### Exercise
Restate the entries below in full, exactly as they read, but without pictures.

==== Data supplied

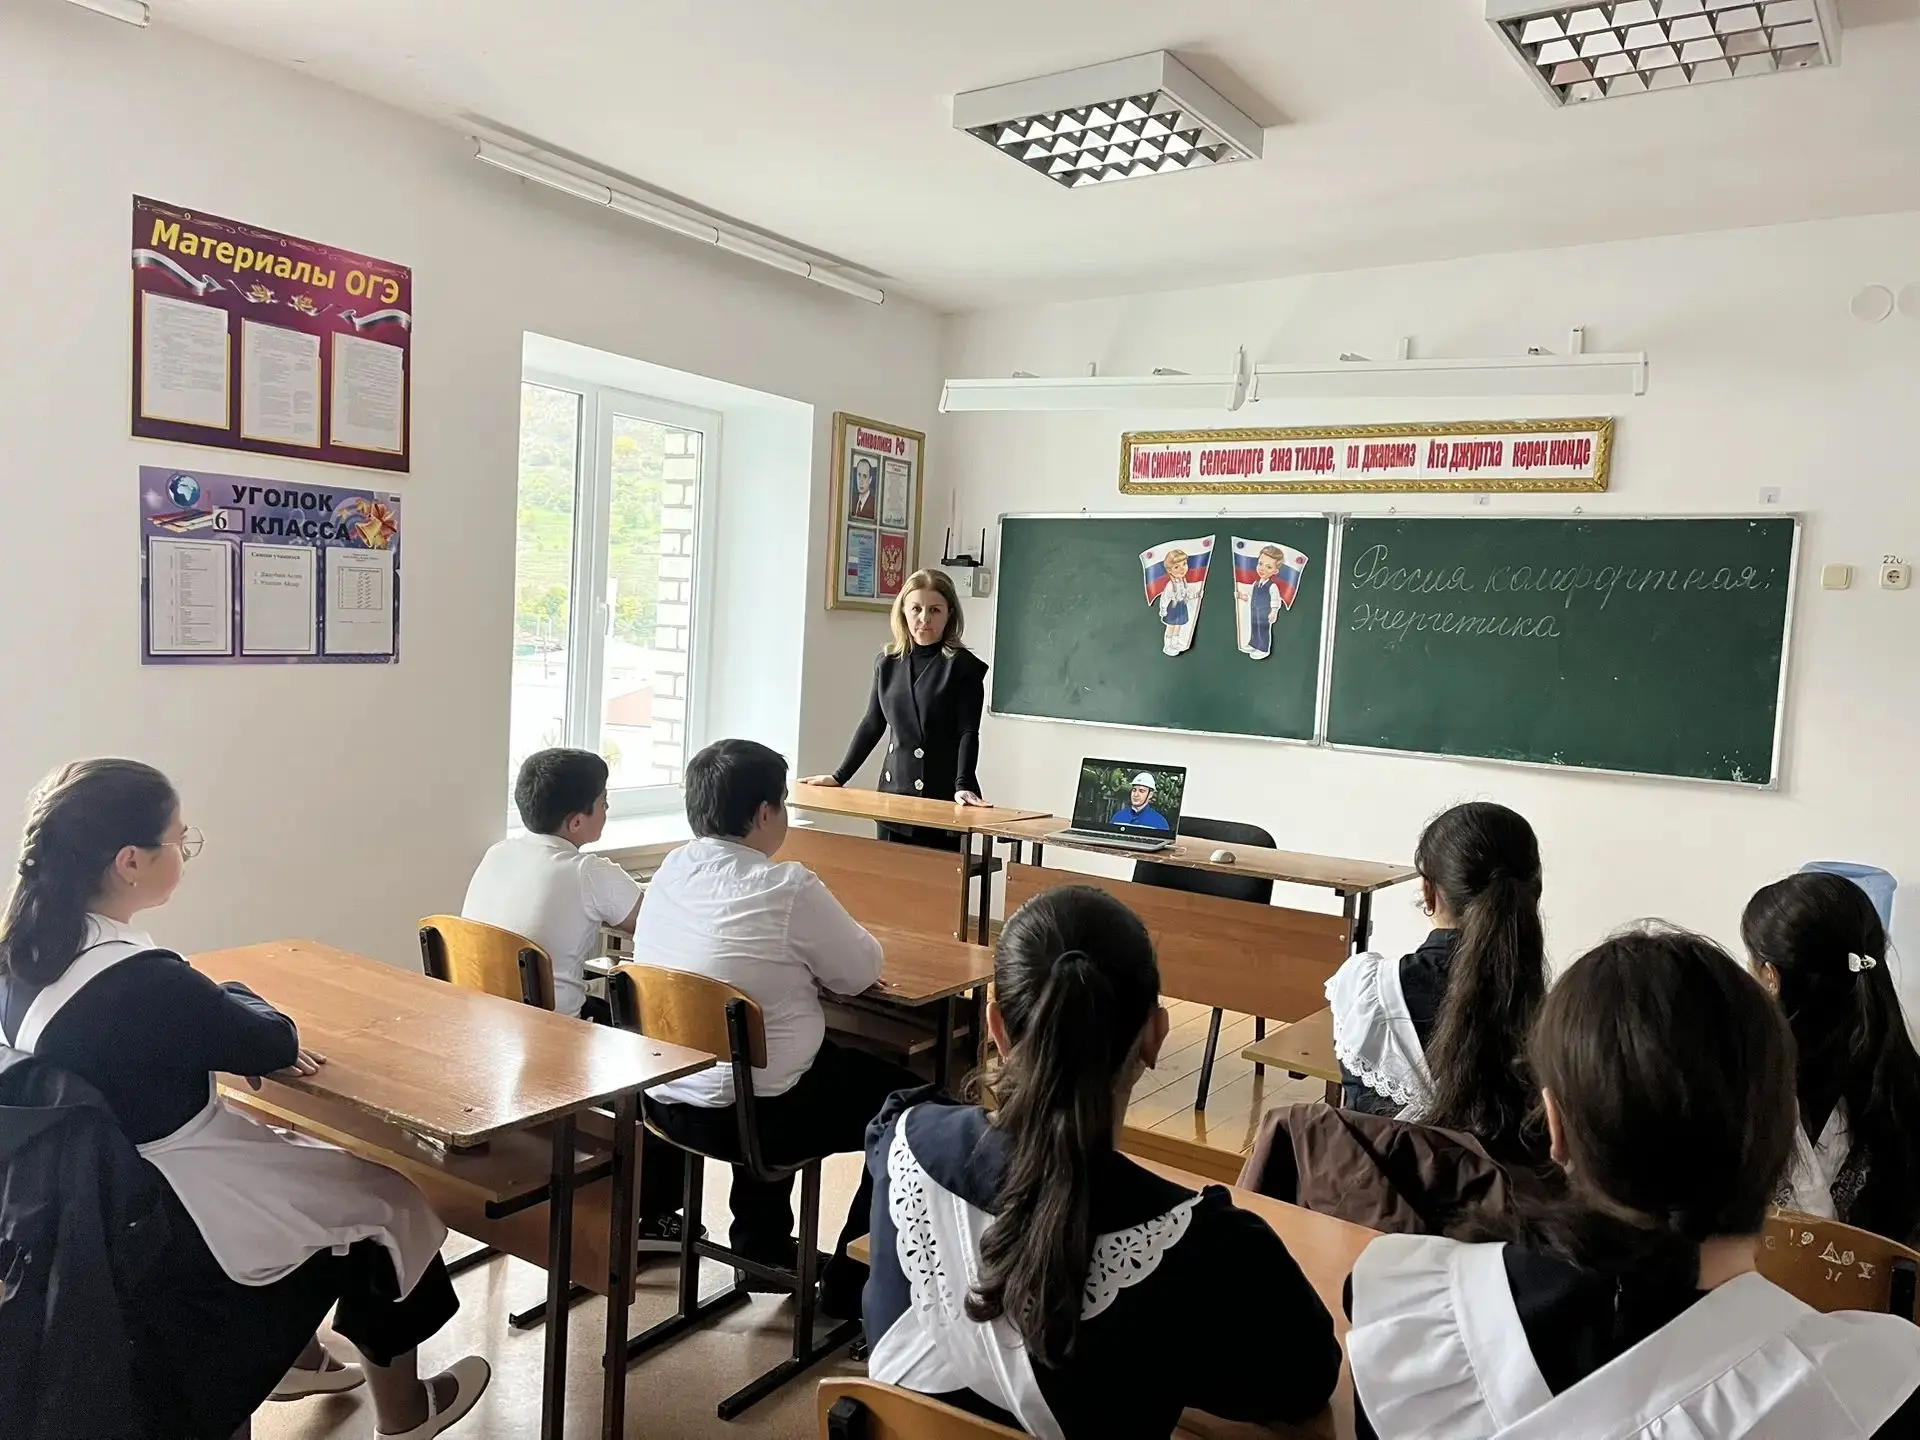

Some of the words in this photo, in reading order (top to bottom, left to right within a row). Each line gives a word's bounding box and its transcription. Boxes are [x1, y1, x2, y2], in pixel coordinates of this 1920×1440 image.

[151, 219, 335, 289] Материалы
[345, 271, 400, 304] ОГЭ
[856, 427, 892, 454] Символика
[895, 436, 905, 456] РФ
[1269, 447, 1293, 472] ана
[1295, 445, 1336, 475] тилде,
[1427, 439, 1448, 469] Ата
[1512, 441, 1547, 470] керек
[1549, 438, 1591, 470] кюнде
[232, 485, 333, 512] УГОЛОК
[215, 511, 227, 530] 6
[251, 516, 351, 541] КЛАССА
[1351, 544, 1474, 593] Россия

========

### Output of the task
Some of the words in this photo, in reading order (top to bottom, left to right within a row). Each line gives a word's bounding box and its transcription. Boxes are [x1, y1, x2, y2], in pixel coordinates of this 1920×1440 image.

[151, 219, 335, 289] Материалы
[345, 271, 400, 304] ОГЭ
[856, 427, 892, 454] Символика
[895, 436, 905, 456] РФ
[1269, 447, 1293, 472] ана
[1295, 445, 1336, 475] тилде,
[1427, 439, 1448, 469] Ата
[1512, 441, 1547, 470] керек
[1549, 438, 1591, 470] кюнде
[232, 485, 333, 512] УГОЛОК
[215, 511, 227, 530] 6
[251, 516, 351, 541] КЛАССА
[1351, 544, 1474, 593] Россия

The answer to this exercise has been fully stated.